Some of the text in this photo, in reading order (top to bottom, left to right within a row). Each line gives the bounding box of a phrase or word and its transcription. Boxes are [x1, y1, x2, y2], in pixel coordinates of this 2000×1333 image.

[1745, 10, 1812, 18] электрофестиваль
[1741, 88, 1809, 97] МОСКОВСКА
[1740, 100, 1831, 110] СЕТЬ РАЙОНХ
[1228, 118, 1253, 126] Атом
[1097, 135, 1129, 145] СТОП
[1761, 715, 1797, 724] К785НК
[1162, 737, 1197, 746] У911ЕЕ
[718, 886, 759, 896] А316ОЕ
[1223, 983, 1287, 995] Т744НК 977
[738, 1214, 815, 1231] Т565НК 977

—————

_TASK_
Copy each line of the material exactly as shown.

_ANSWER SPACE_
Some of the text in this photo, in reading order (top to bottom, left to right within a row). Each line gives the bounding box of a phrase or word and its transcription. Boxes are [x1, y1, x2, y2], in pixel coordinates of this 2000×1333 image.

[1745, 10, 1812, 18] электрофестиваль
[1741, 88, 1809, 97] МОСКОВСКА
[1740, 100, 1831, 110] СЕТЬ РАЙОНХ
[1228, 118, 1253, 126] Атом
[1097, 135, 1129, 145] СТОП
[1761, 715, 1797, 724] К785НК
[1162, 737, 1197, 746] У911ЕЕ
[718, 886, 759, 896] А316ОЕ
[1223, 983, 1287, 995] Т744НК 977
[738, 1214, 815, 1231] Т565НК 977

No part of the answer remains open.